* _Required work_
Retype the tail of the data exactly, starting at the line containing "this 1600×1202 image." and stopping at the last line.

──────── Record extracts

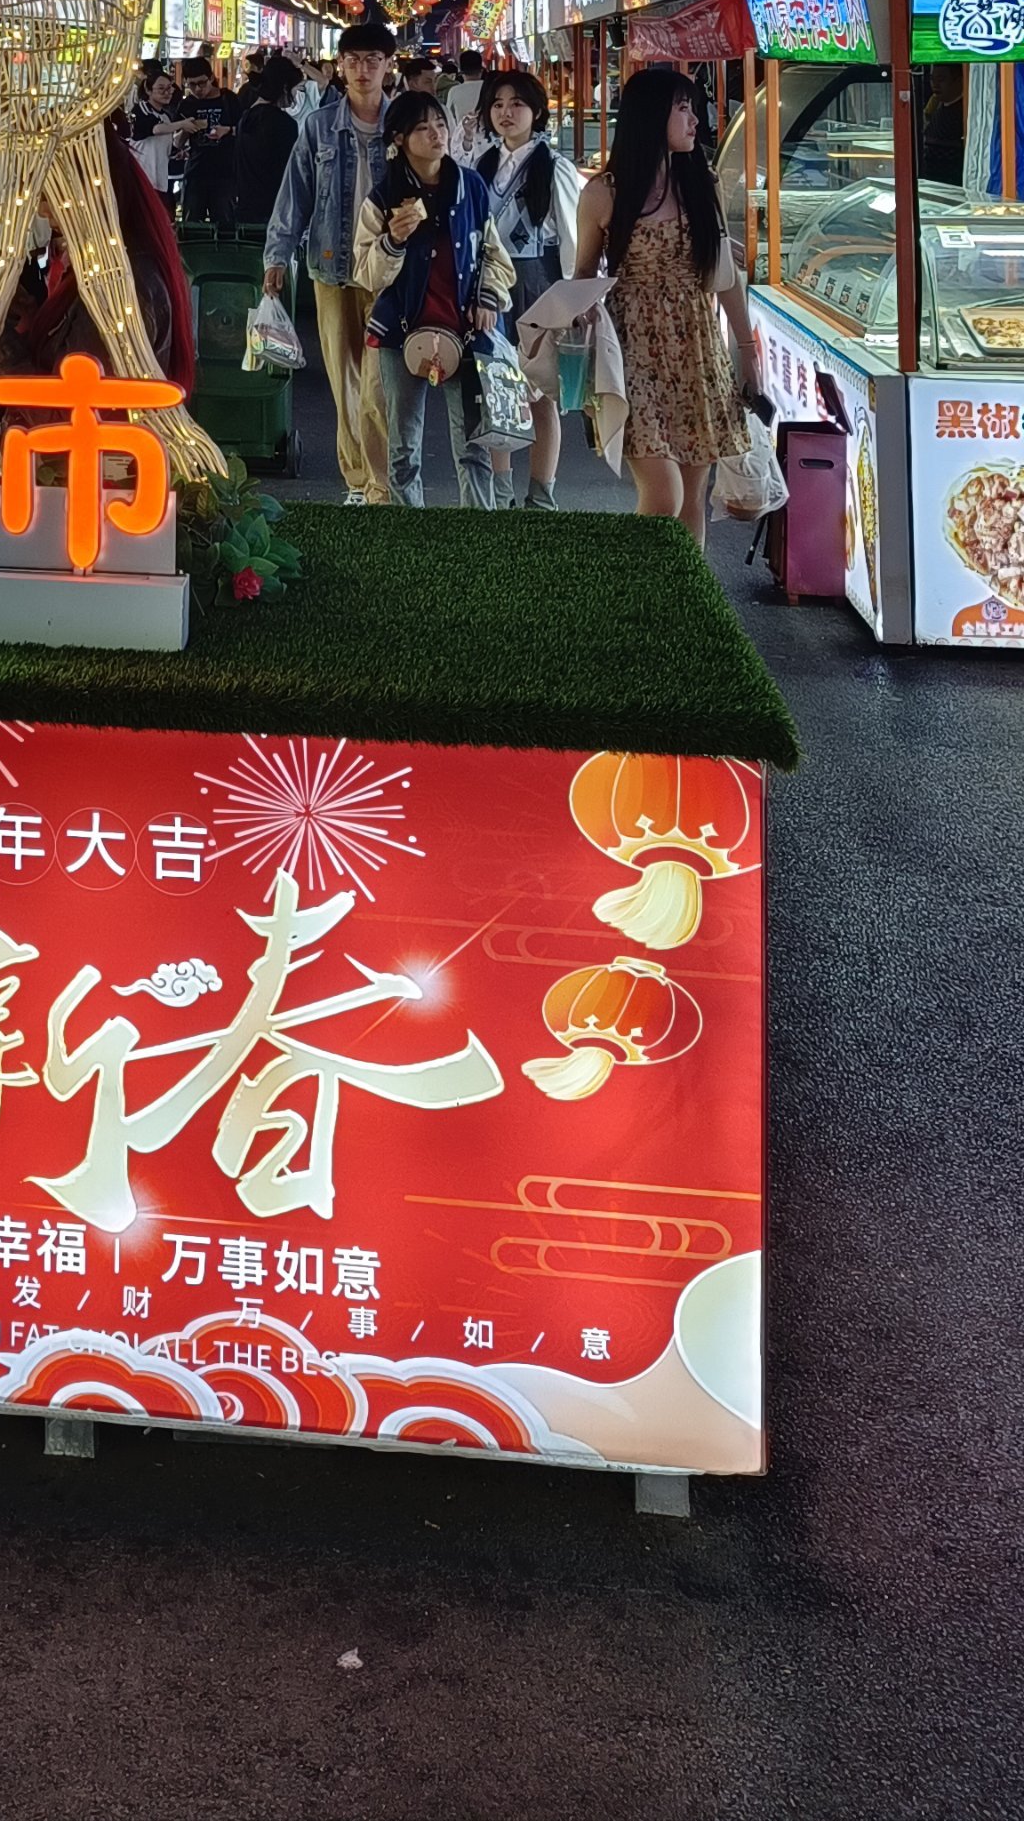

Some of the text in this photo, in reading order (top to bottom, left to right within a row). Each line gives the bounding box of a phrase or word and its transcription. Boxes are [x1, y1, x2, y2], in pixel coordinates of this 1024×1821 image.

[935, 399, 1024, 440] 黑椒
[161, 1232, 382, 1301] 万事如意
[10, 1322, 60, 1350] FAT
[154, 1336, 206, 1366] ALL
[213, 1340, 273, 1372] THE
[280, 1346, 354, 1380] BEST
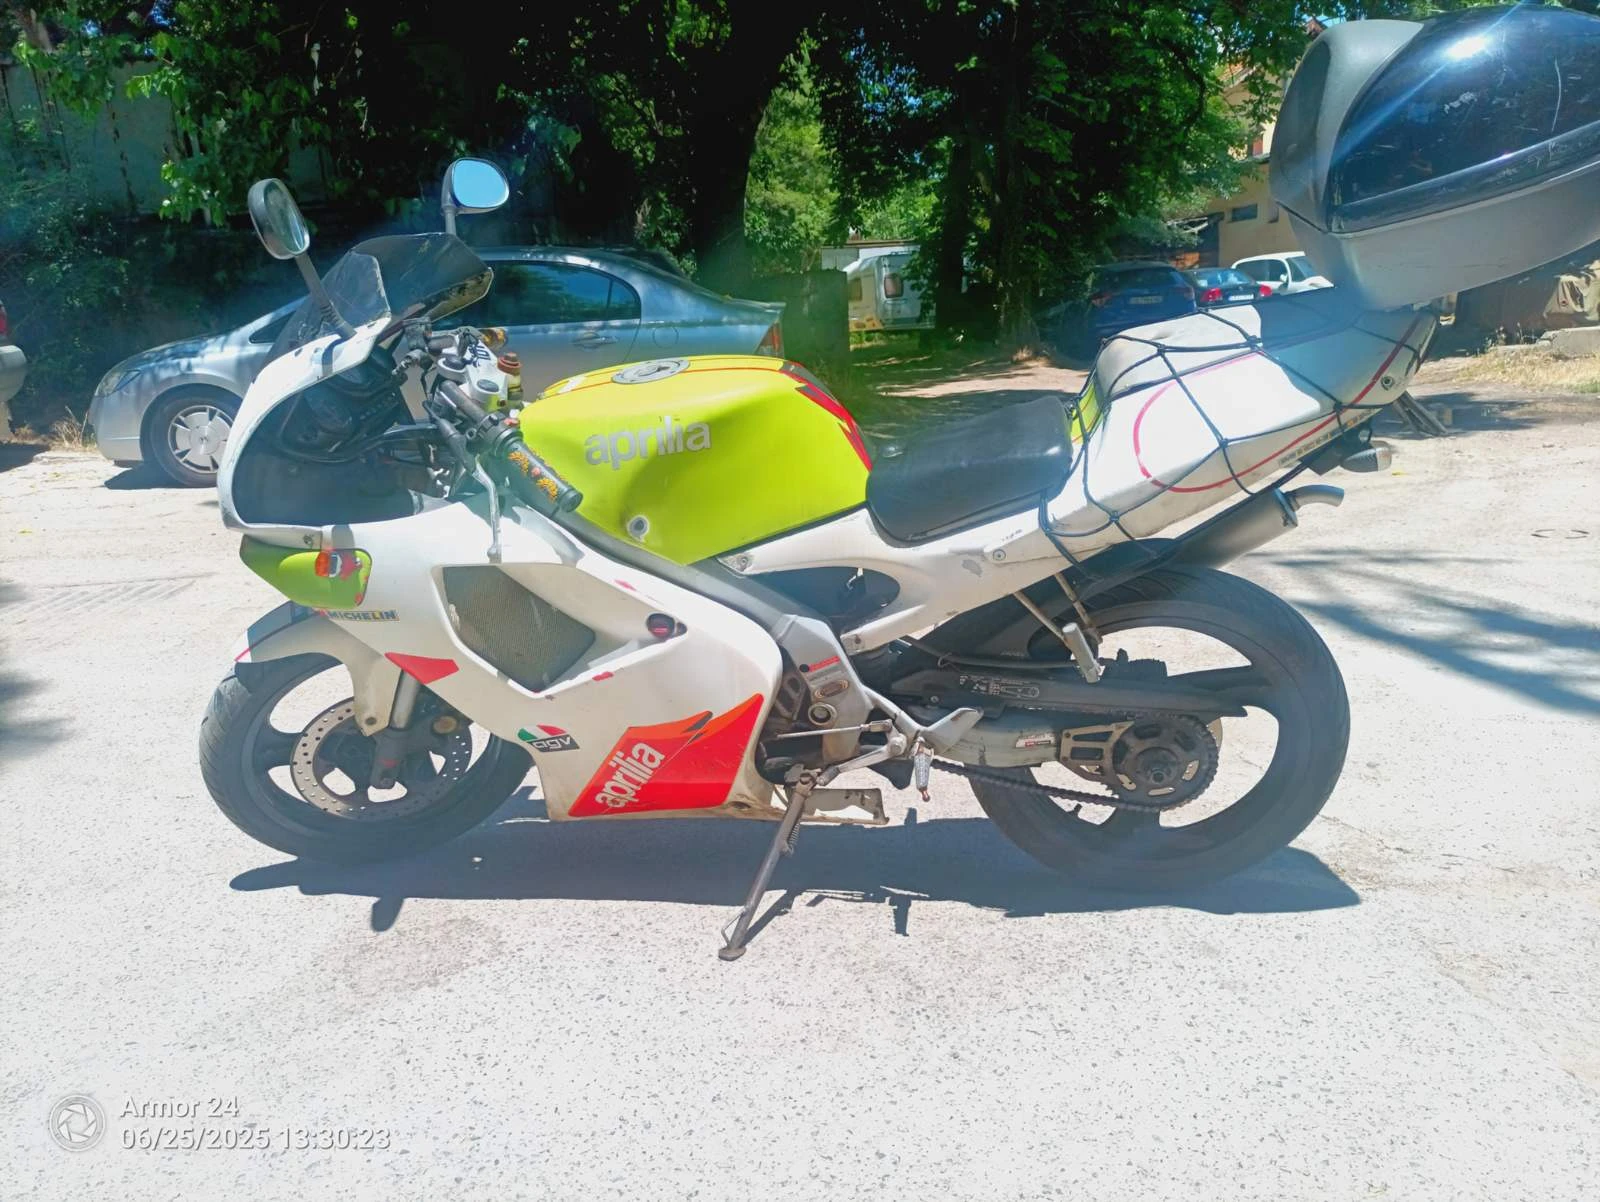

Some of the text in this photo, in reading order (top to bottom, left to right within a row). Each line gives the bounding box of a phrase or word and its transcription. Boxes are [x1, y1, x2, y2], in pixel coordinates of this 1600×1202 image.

[584, 415, 712, 471] aprilia
[327, 609, 398, 620] MICHELIN
[530, 736, 572, 750] agv
[595, 742, 666, 808] aprilia

────────────────

* _Final answer_
Some of the text in this photo, in reading order (top to bottom, left to right within a row). Each line gives the bounding box of a phrase or word and its transcription. Boxes are [x1, y1, x2, y2], in pixel coordinates of this 1600×1202 image.

[584, 415, 712, 471] aprilia
[327, 609, 398, 620] MICHELIN
[530, 736, 572, 750] agv
[595, 742, 666, 808] aprilia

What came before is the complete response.